Economic scams, terror have strong links, says PM
New Delhi, August 27
“Rational policies, transparent procedures, simple rules do have the positive externality of reducing the scope for corruption. However, even as old problems are solved, new ones present themselves. Following the liberalisation of the economy, there has been a spurt in economic offences such as financial frauds, bank and stock market scams, money laundering and cyber crimes,” Dr Manmohan Singh said here while inaugurating the 15th Biennial Conference of State Anti-corruption Bureaus and the Central Bureau of Investigation (CBI).
“A strong link has developed between economic offences and anti-social and terrorist organisations,” he said, asking the personnel of investigating agencies to develop the ability not to let the criminal rest, to keep him always on the run and, to nab him before he can inflict more harm on society.
“To check these enemies of the civilised society, it is necessary for the investigating and crime-fighting agencies to develop a high degree of professionalism and technical skills as well as heightened commitment to their mission. To combat crime and corruption, you have to become alert to their nuances, methods and their reach.”
Asserting that the reform of the government and of governance is an important area of policy focus for his government, Dr Manmohan Singh said, “We are committed to making the Freedom of Information Act more progressive, participatory and meaningful so that there is greater transparency, accountability and probity in the entire system of governance.”
“An improved model Right to Information Draft Bill has just been received from the National Advisory Council and the government is actively examining it,” he added.
Acknowledging the vital role being played by investigating agencies in weeding out the cancer of corruption, the Prime Minister asked the CBI and anti-corruption agencies of the state to exercise utmost caution to ensure that no innocent was subjected to any “mental torture”.
“While you shall be justified in instilling fear in the minds of corrupt, any harm done to the innocent compromises our image...you may consider engaging the services of psychologists, behavioural science trainers and counsellors for developing positive personality traits amongst the investigating officers,” he said.
“It is sometimes complained that the CBI, which registers a preliminary enquiry (PE), attempts to include in the charge as many persons as it can. Very often, after the probe is over and Regular Case is registered, many out of that original list are found not to have even a remote connection with the case...One can only imagine what mental torture those people would have gone through,” he said.
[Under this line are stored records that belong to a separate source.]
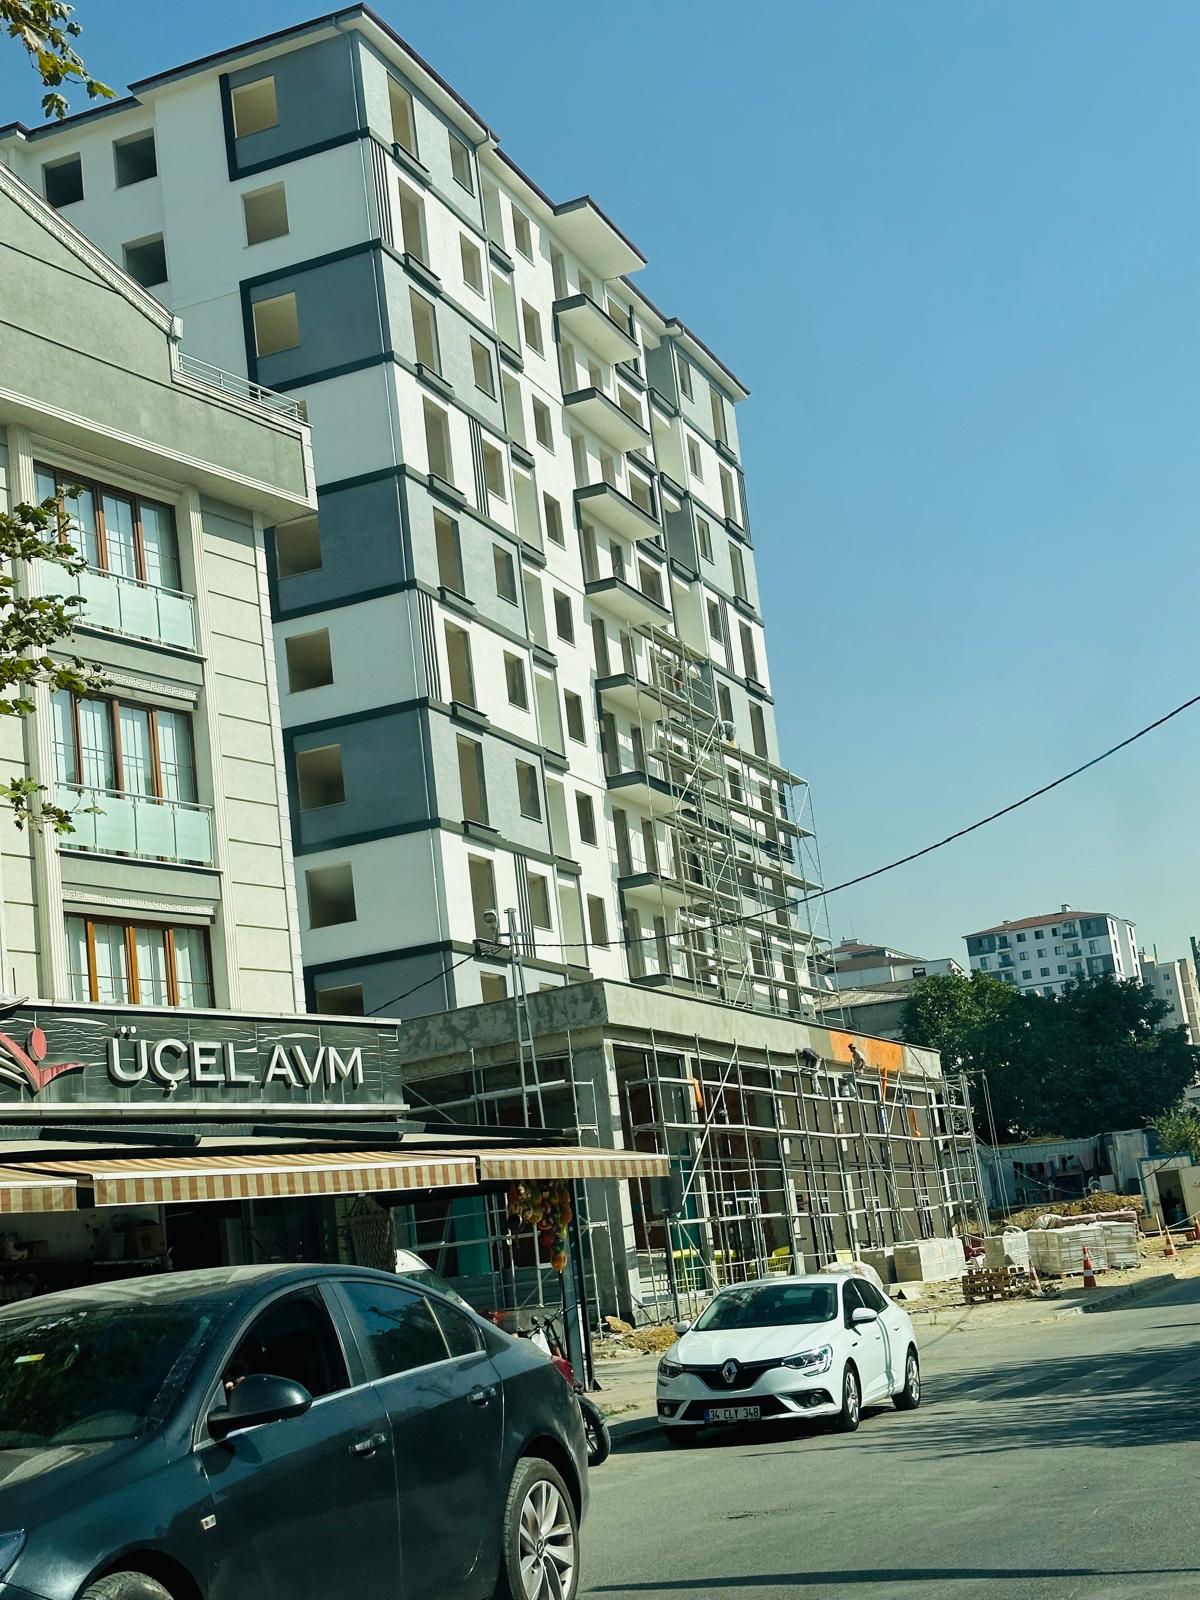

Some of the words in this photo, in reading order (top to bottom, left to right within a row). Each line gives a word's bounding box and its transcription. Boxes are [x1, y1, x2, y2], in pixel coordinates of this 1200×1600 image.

[108, 1025, 256, 1094] ÜÇEL
[261, 1044, 364, 1088] AVM
[710, 1410, 720, 1420] 34
[723, 1408, 739, 1420] CLY
[743, 1407, 759, 1418] 348
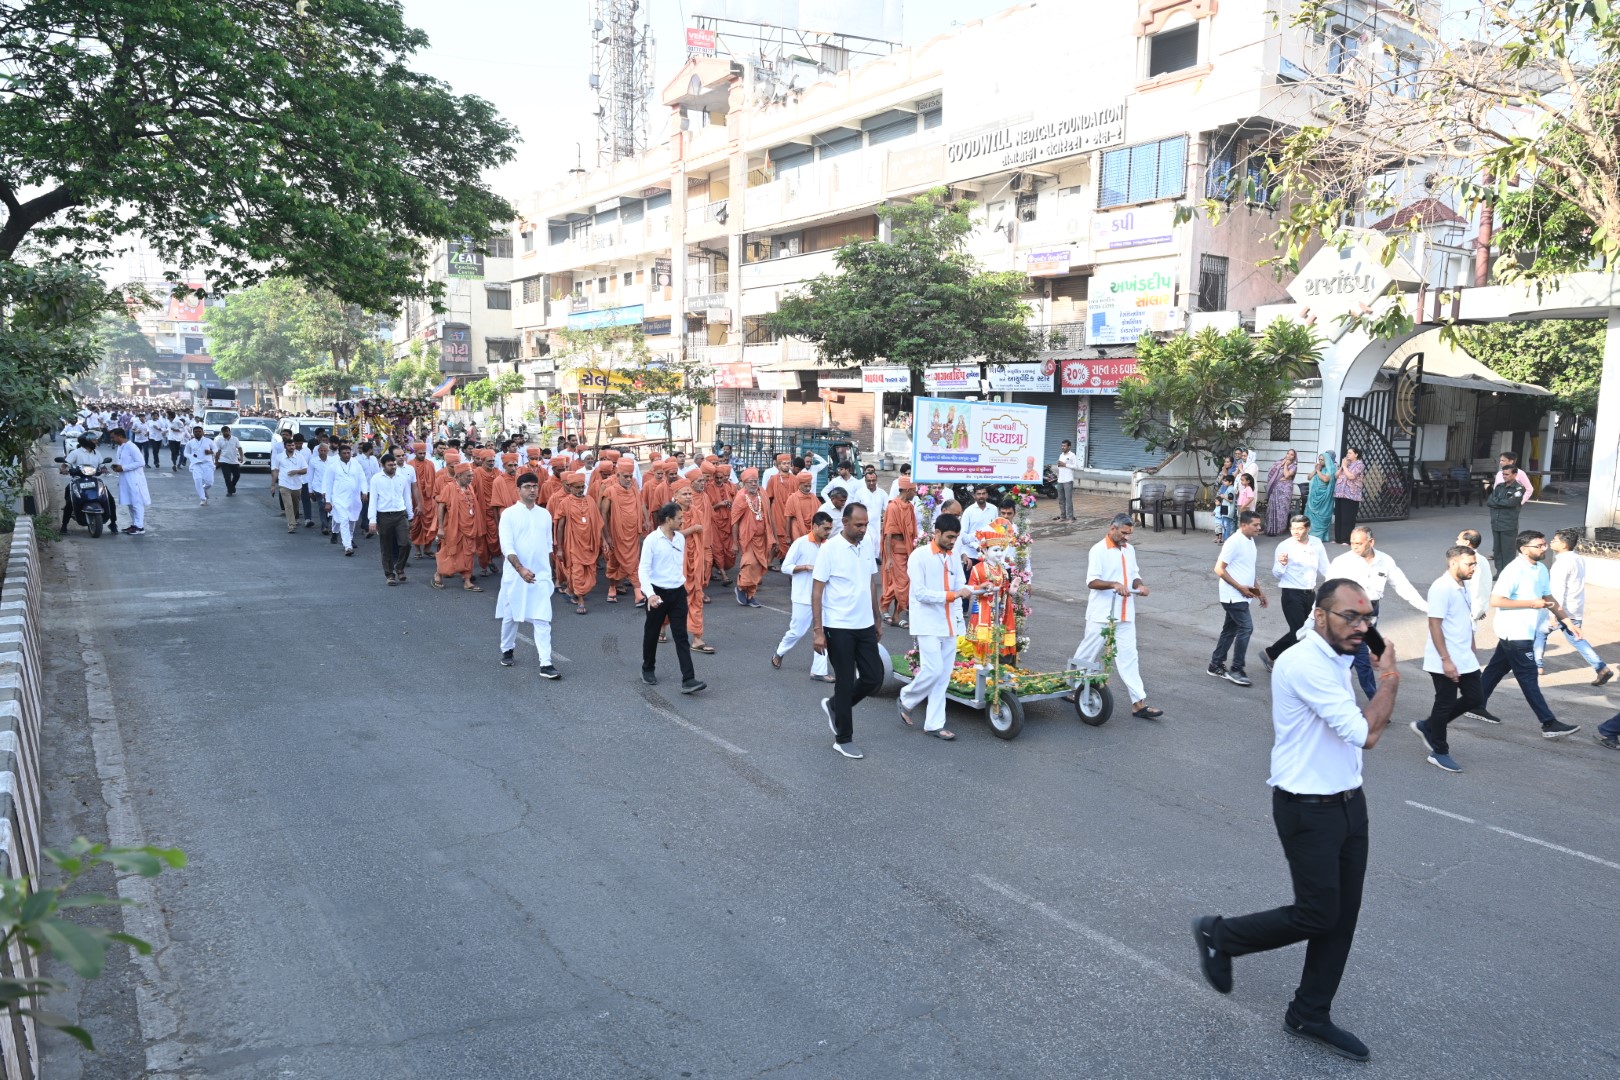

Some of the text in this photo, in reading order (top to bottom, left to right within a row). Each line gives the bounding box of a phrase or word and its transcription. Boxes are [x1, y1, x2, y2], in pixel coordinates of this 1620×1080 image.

[688, 32, 714, 42] VENUS
[948, 104, 1123, 163] GOODWILL MEDICAL FOUNDATION
[450, 251, 482, 265] ZEAL
[1110, 271, 1171, 293] અખંડદીપ
[1135, 292, 1171, 308] સોલાર
[1067, 368, 1085, 380] ૨૦%
[1092, 365, 1109, 375] રાહત
[744, 408, 772, 424] KAKA
[984, 432, 1024, 444] પદયાત્રા
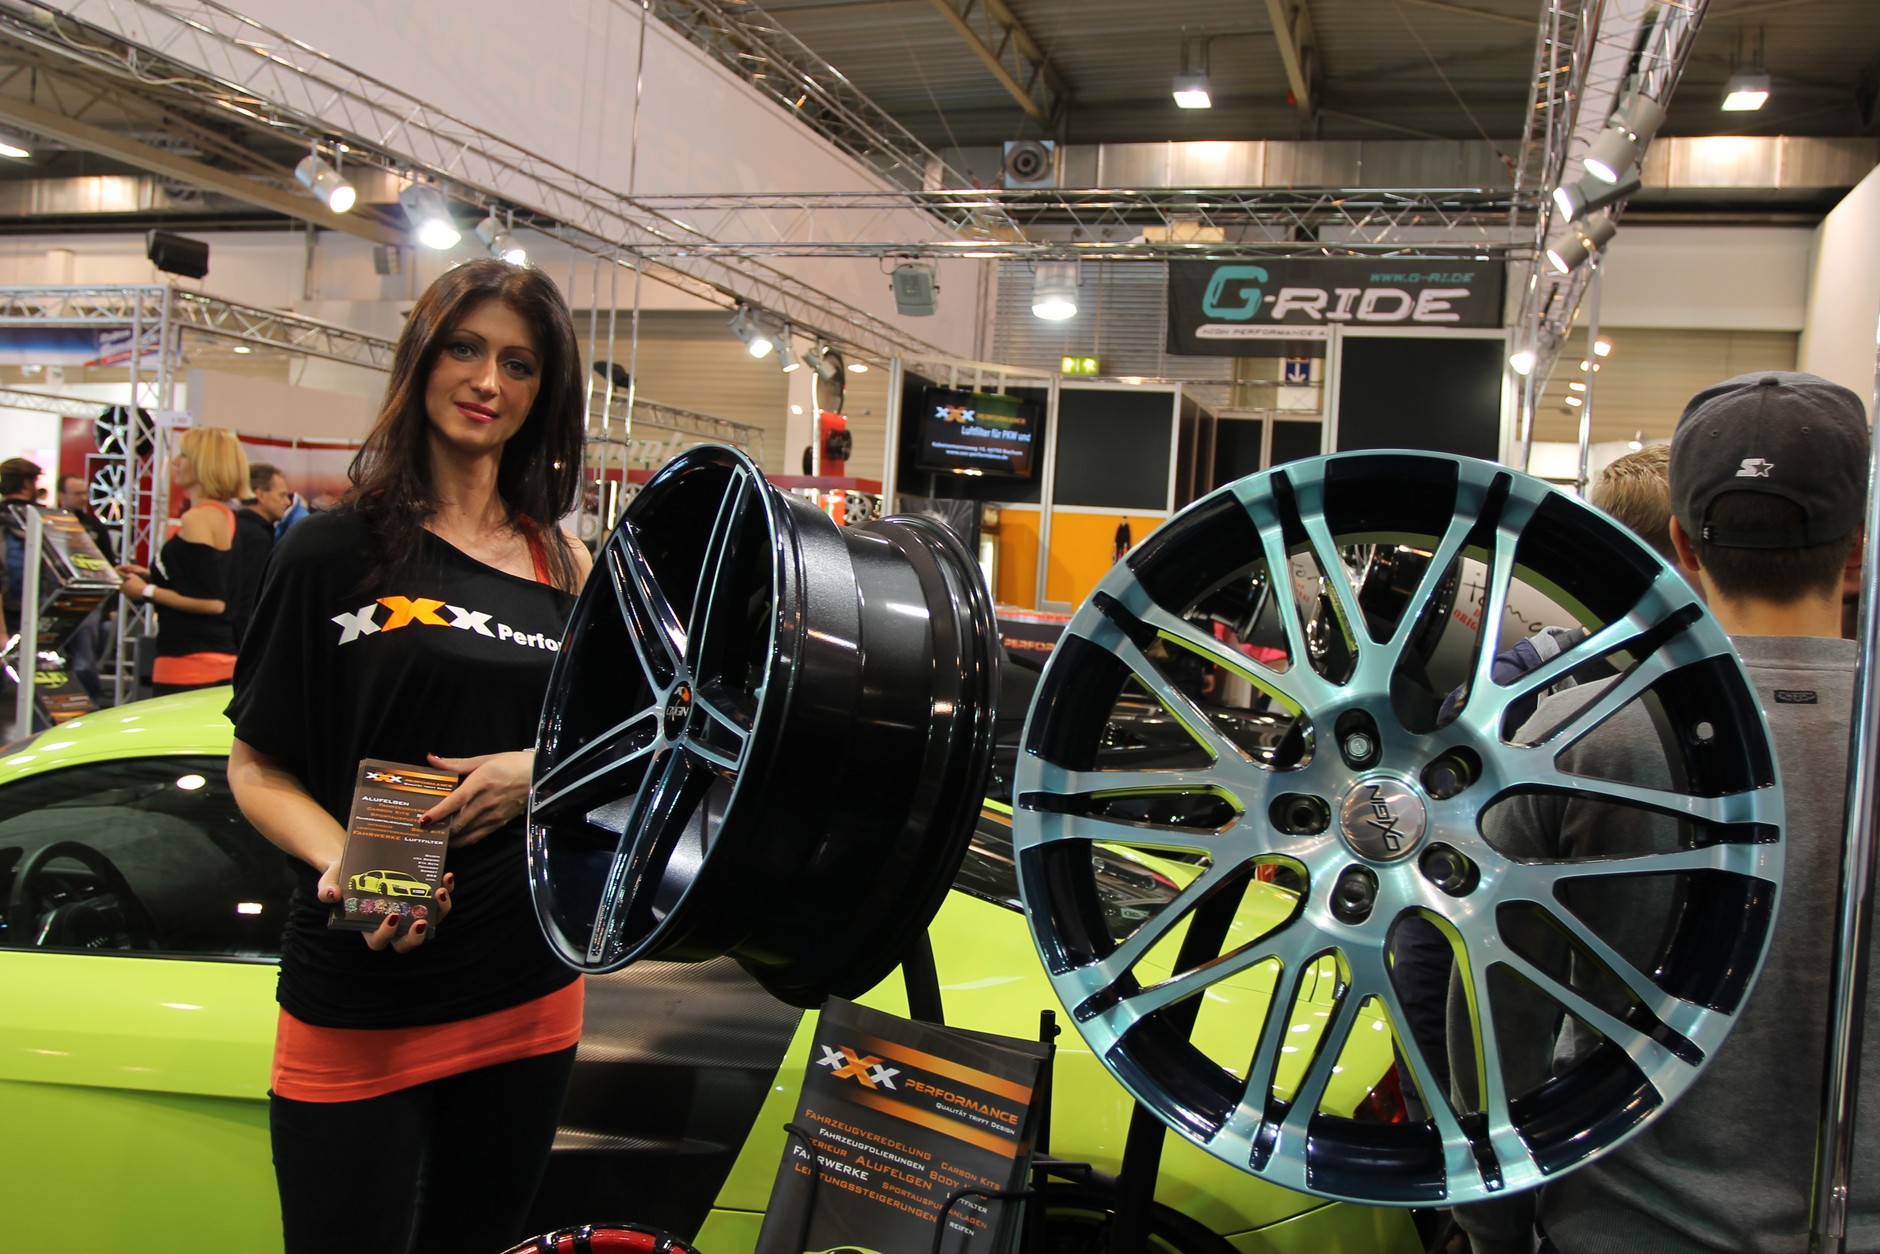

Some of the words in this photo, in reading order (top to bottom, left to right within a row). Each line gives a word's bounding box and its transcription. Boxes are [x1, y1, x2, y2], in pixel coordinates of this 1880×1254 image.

[1202, 265, 1470, 321] G-RIDE
[961, 425, 991, 438] Luftfilter
[991, 428, 1002, 439] für
[1001, 429, 1018, 441] PKW
[361, 795, 410, 806] ALUFELGEN
[351, 830, 402, 841] FAHRWERKE
[404, 836, 444, 845] LUFTFILTER
[904, 1078, 1019, 1126] PERFORMANCE
[805, 1109, 933, 1161] FAHRZEUGVEREDELUNG
[990, 1121, 1016, 1135] DESIGN
[793, 1145, 869, 1181] FARWERKE
[808, 1137, 849, 1158] ERIEUR
[819, 1127, 925, 1171] FAHRZEUGFOLIERUNGEN
[855, 1155, 933, 1191] ALUFELGEN
[929, 1170, 960, 1188] BODY
[940, 1161, 978, 1181] CARBON
[979, 1176, 1001, 1190] KITS
[794, 1162, 938, 1223] LEITUNGSSTEIGERUNGEN
[881, 1181, 988, 1229] SPORTAUSPUANLAGEN
[949, 1221, 975, 1236] REIFEN
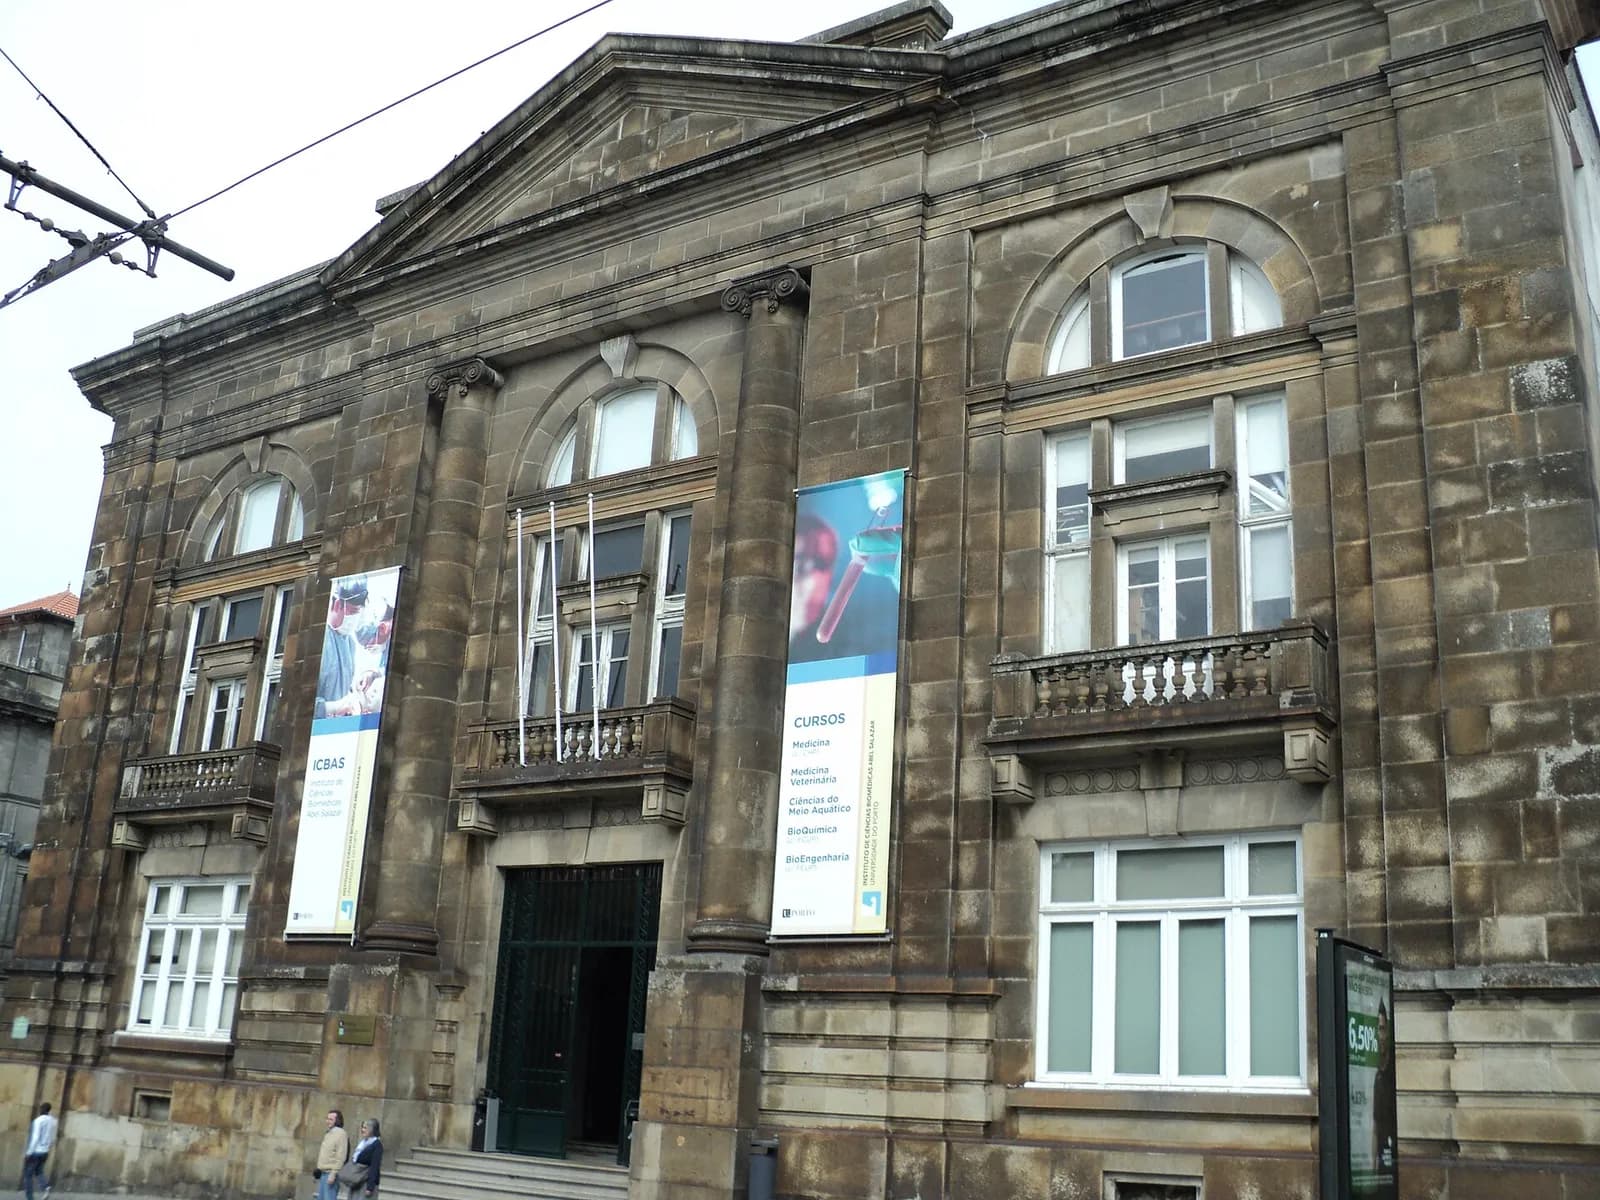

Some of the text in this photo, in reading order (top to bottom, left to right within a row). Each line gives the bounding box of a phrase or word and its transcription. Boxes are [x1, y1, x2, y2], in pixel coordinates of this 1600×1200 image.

Commenting on the Central Vigilance Act, he said the government feels that the CVC has a key role in the fight against corruption and is expected to provide leadership to the nation’s vigilance set-up.
“Protection of whistle-blowers has also been provided under a resolution by which the CVC has been designated as an authority to whom complaints may be made,” the Prime Minister said.
Recapitulating his yesterday’s remarks in Parliament, the Prime Minister said that there should be a code of conduct for political parties and people in public life, including government servants, for the betterment of the nation. “Time has come for us to evolve consensually a code of conduct for all political parties, a code of ethics for all individuals in public life and a code of best practices for the government at all levels,” he said.
The Prime Minister also presented the CBI Gold Medal for Best Investigating Officer for 2002 to Mr Suman Kumar, an Inspector with the CBI, for his outstanding contribution in the field of investigation.
Dr Manmohan Singh also presented the President’s Police Medal for distinguished services to 12 CBI officials.